Gerald looked at him with eyes blue as the blue-fibred steel of a weapon. He felt awkward, but indifferent. As a matter of fact, he did care terribly, with a great fear.

“Oh,” he said, “I don’t want to die, why should I? But I never trouble. The question doesn’t seem to be on the carpet for me at all. It doesn’t interest me, you know.”

Timor mortis conturbat me,” quoted Birkin, adding—“No, death doesn’t really seem the point any more. It curiously doesn’t concern one. It’s like an ordinary tomorrow.”

Gerald looked closely at his friend. The eyes of the two men met, and an unspoken understanding was exchanged.

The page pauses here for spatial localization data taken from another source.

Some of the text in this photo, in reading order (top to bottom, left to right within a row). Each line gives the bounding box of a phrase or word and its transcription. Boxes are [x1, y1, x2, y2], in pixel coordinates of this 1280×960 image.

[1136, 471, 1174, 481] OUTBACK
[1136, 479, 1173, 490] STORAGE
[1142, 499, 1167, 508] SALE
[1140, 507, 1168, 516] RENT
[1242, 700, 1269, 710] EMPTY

Gerald narrowed his eyes, his face was cool and unscrupulous as he looked at Birkin, impersonally, with a vision that ended in a point in space, strangely keen-eyed and yet blind.

“If death isn’t the point,” he said, in a strangely abstract, cold, fine voice—“what is?” He sounded as if he had been found out.

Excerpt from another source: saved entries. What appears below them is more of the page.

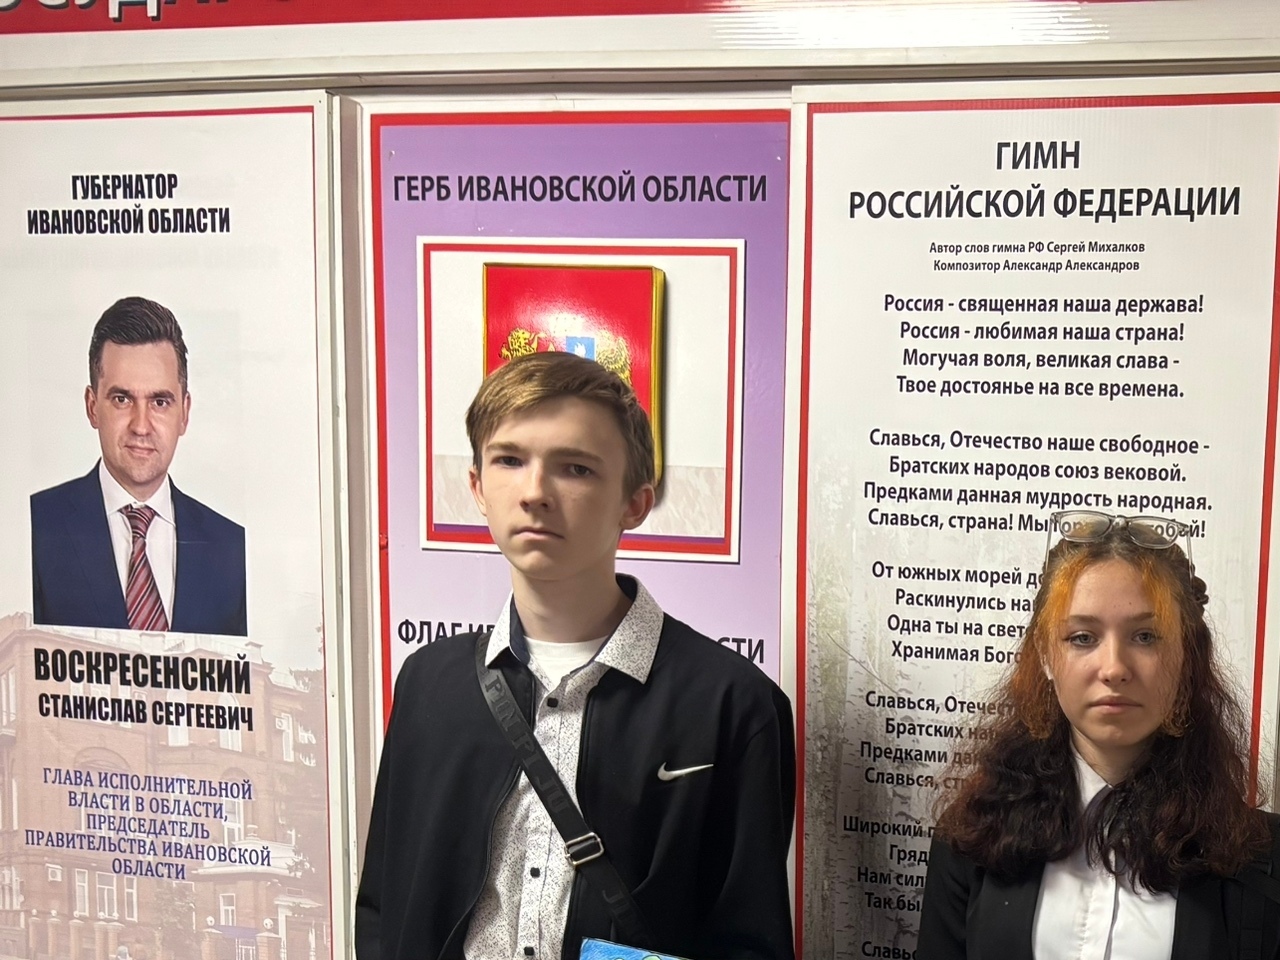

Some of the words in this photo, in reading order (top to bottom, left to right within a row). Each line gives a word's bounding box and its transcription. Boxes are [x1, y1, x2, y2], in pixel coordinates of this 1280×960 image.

[996, 141, 1080, 170] ГИМН
[72, 174, 178, 199] ГУБЕРНАТОР
[393, 176, 451, 202] ГЕРБ
[457, 170, 638, 203] ИВАНОВСКОЙ
[642, 175, 768, 202] ОБЛАСТИ
[849, 184, 1046, 219] РОССИЙСКОЙ
[1053, 187, 1240, 223] ФЕДЕРАЦИИ
[27, 205, 144, 234] ИВАНОВСКОЙ
[148, 208, 230, 233] ОБЛАСТИ
[929, 242, 962, 256] Автор
[965, 244, 989, 254] слов
[992, 244, 1026, 254] гимна
[1028, 241, 1044, 254] РФ
[1047, 241, 1086, 256] Сергей
[1088, 241, 1145, 253] Михалков
[933, 260, 1000, 274] Композитор
[1003, 259, 1062, 273] Александр
[1065, 259, 1139, 273] Александров
[884, 295, 943, 312] Россия
[958, 298, 1058, 315] священная
[1063, 299, 1111, 313] наша
[1115, 295, 1204, 317] держава!
[900, 321, 960, 340] Россия
[974, 321, 1058, 341] любимая
[1063, 327, 1110, 341] наша
[1115, 322, 1184, 346] страна!
[903, 349, 979, 372] Могучая
[983, 353, 1030, 371] воля,
[1035, 354, 1111, 369] великая
[1116, 355, 1167, 370] слава
[896, 375, 936, 394] Твое
[940, 380, 1035, 398] достоянье
[1039, 381, 1059, 396] на
[1064, 382, 1094, 397] все
[1099, 383, 1185, 402] времена.
[869, 428, 946, 450] Славься,
[950, 430, 1043, 451] Отечество
[1047, 436, 1094, 451] наше
[1099, 435, 1199, 457] свободное
[889, 455, 969, 478] Братских
[974, 462, 1050, 480] народов
[1055, 464, 1099, 480] союз
[1104, 461, 1187, 483] вековой.
[863, 481, 953, 505] Предками
[957, 488, 1022, 507] данная
[1026, 491, 1112, 512] мудрость
[1117, 493, 1213, 513] народная.
[868, 508, 944, 531] Славься,
[948, 513, 1014, 536] страна!
[1018, 515, 1049, 533] Мы
[872, 561, 893, 578] От
[898, 566, 961, 582] южных
[965, 567, 1022, 588] морей
[896, 588, 1006, 613] Раскинулись
[887, 614, 931, 635] Одна
[936, 621, 958, 634] ты
[963, 623, 983, 636] на
[892, 640, 979, 663] Хранимая
[34, 648, 251, 694] ВОСКРЕСЕНСКИЙ
[38, 693, 146, 723] СТАНИСЛАВ
[152, 701, 253, 731] СЕРГЕЕВИЧ
[865, 690, 941, 713] Славься,
[885, 718, 964, 740] Братских
[860, 741, 948, 765] Предками
[43, 768, 94, 788] ГЛАВА
[98, 772, 252, 799] ИСПОЛНИТЕЛЬНОЙ
[68, 791, 130, 811] ВЛАСТИ
[135, 796, 145, 812] В
[149, 797, 228, 822] ОБЛАСТИ,
[86, 814, 210, 840] ПРЕДСЕДАТЕЛЬ
[843, 815, 922, 837] Широкий
[25, 830, 157, 856] ПРАВИТЕЛЬСТВА
[162, 842, 271, 866] ИВАНОВСКОЙ
[112, 858, 186, 880] ОБЛАСТИ
[857, 866, 891, 885] Нам
[864, 891, 892, 909] Так

“What is?” re-echoed Birkin. And there was a mocking silence.

“There’s long way to go, after the point of intrinsic death, before we disappear,” said Birkin.

“There is,” said Gerald. “But what sort of way?” He seemed to press the other man for knowledge which he himself knew far better than Birkin did.

“Right down the slopes of degeneration—mystic, universal degeneration. There are many stages of pure degradation to go through: agelong. We live on long after our death, and progressively, in progressive devolution.”